February 22, 2012 Leave a comment
By PETER SVENSSON AP Technology
NEW YORK — AT&T Inc.’s board cut CEO Randall Stephenson’s 2011 pay by $2.08 million because he engineered the failed deal to buy T-Mobile USA, according to a regulatory filing Tuesday.
Opposition from federal antitrust regulators forced the Dallas-based phone company to give up on the $39 billion deal in December. That meant it had to hand over $4.2 billion in cash and spectrum rights to T-Mobile as a so-called “break-up fee” to compensate T-Mobile for the failure.
Looking at that $4.2 billion charge, AT&T’s board cut Stephenson’s cash bonus by 25 percent, and cut his stock award by 6 percent, for a total of $2.08 million.
That left Stephenson’s 2011 total pay package at $18.7 million, according to the Associated Press formula.

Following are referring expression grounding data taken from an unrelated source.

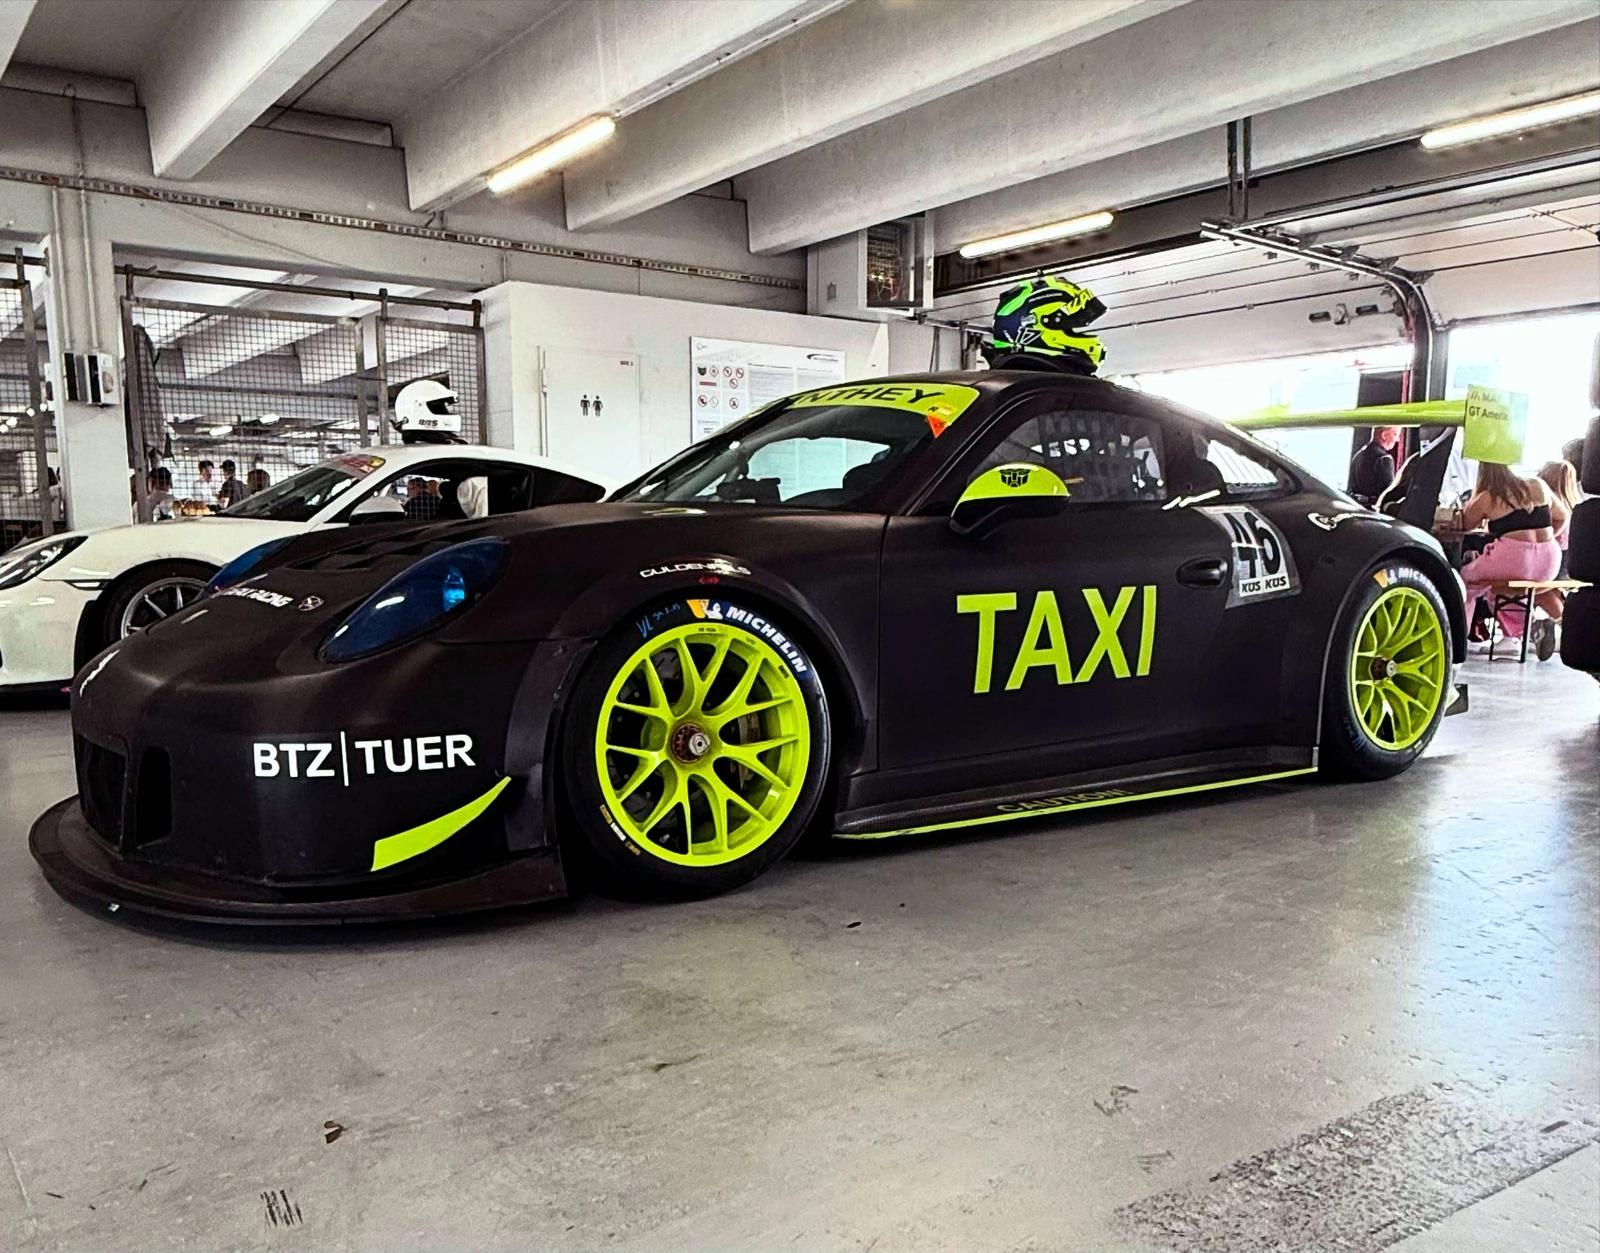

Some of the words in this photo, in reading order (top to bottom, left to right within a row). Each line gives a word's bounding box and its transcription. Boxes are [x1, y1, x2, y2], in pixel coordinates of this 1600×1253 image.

[795, 387, 946, 404] NTHEY
[1469, 405, 1481, 417] GT
[1223, 511, 1281, 579] 46
[725, 604, 809, 674] MICHELIN
[956, 584, 1158, 694] TAXI

His compensation was down from $20.2 million in 2010.
It’s unusual for company boards to cut CEO compensation for specific missteps. But the cost of the failed T-Mobile deal was exceptional. It’s standard practice to offer break-up fees to get acquisition targets to sign on to a deal, but the one AT&T promised was unusually large.

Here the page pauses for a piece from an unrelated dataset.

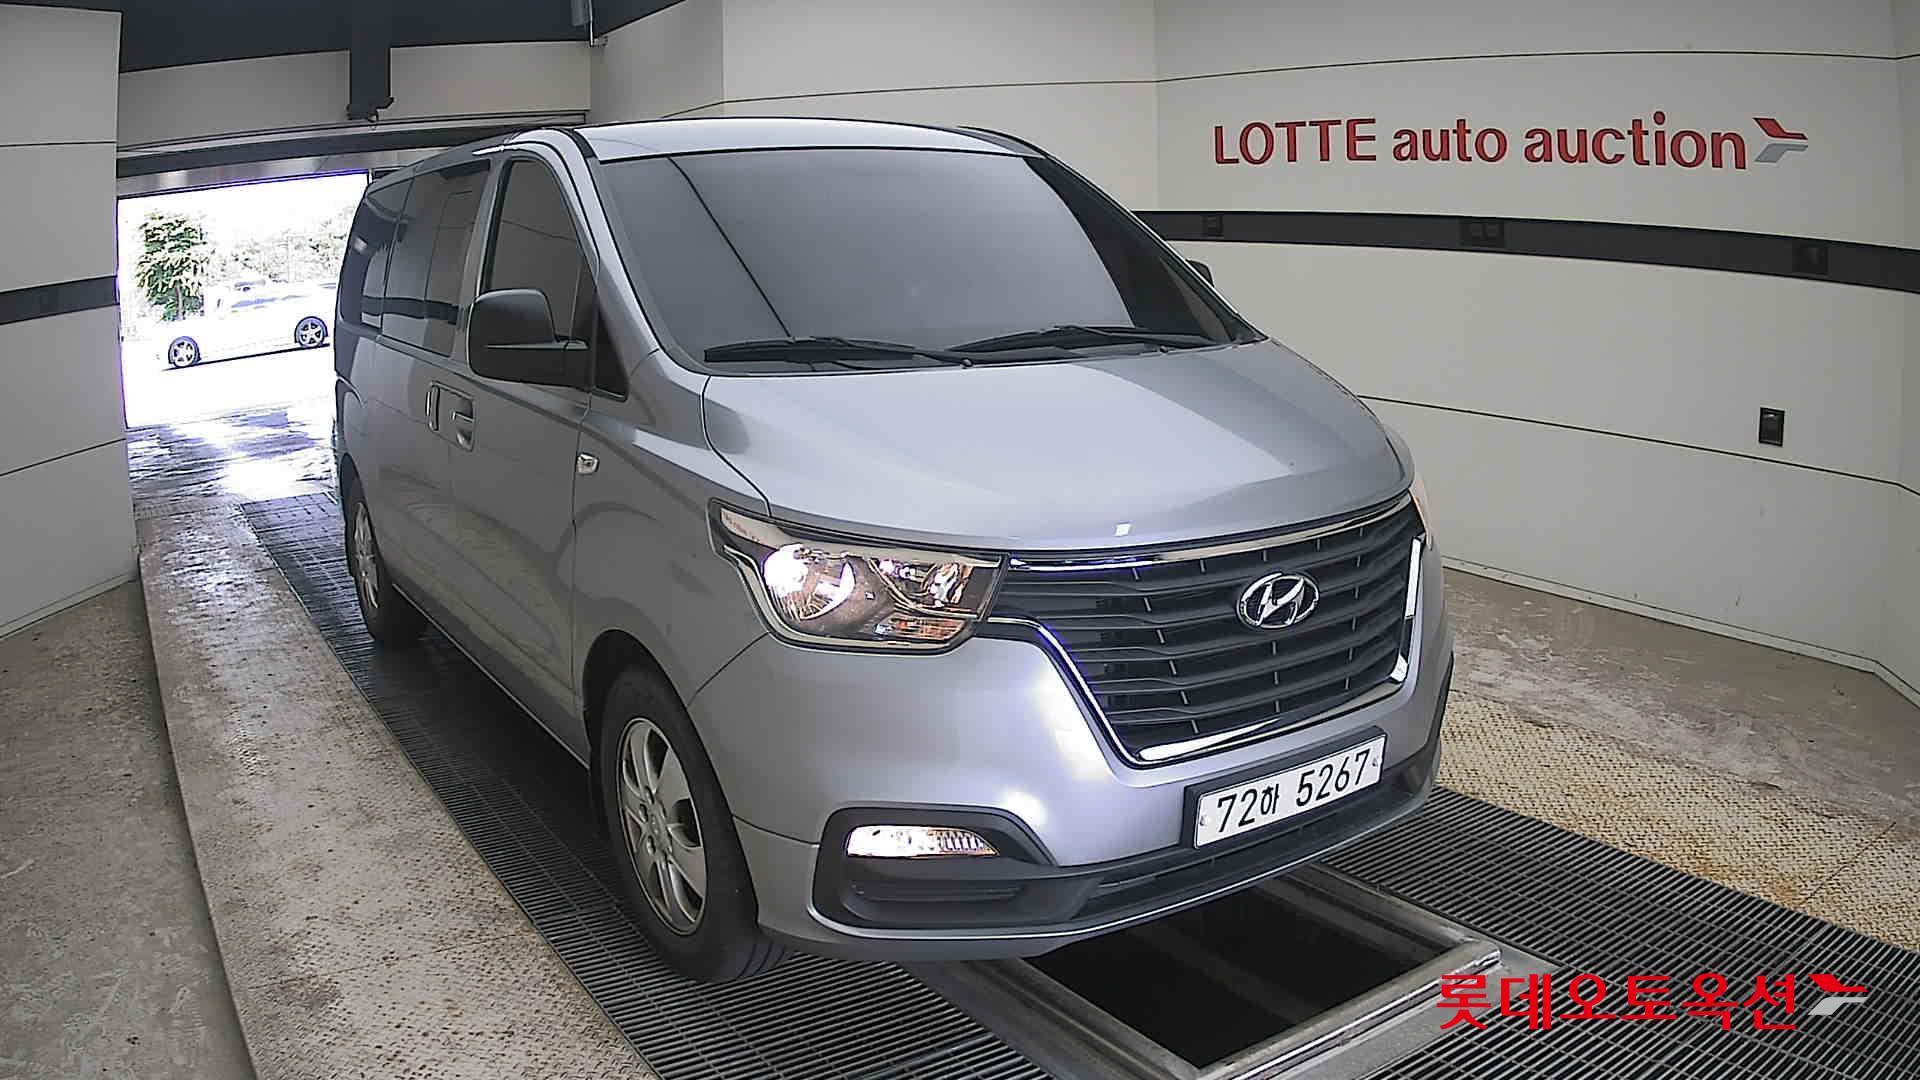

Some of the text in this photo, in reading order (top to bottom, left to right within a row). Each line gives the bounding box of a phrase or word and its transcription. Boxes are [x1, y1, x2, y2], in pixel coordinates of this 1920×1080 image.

[1214, 111, 1746, 170] LOTTE auto auction
[1217, 748, 1371, 833] 72하 5267

The AP’s compensation formula includes Stephenson’s salary, bonus, perks, above-market returns on deferred compensation and the estimated value of stock options and awards granted during the year.
The calculations don’t include changes in the present value of pension benefits, and they sometimes differ from the totals that companies list in the summary compensation table of proxy statements filed with regulators.
For all of 2011, AT&T earned $3.9 billion, or 66 cents per share, on $126.7 billion in revenue. That compares with net income of $19.9 billion, or $3.35 per share, on $124.3 billion in revenue in 2010.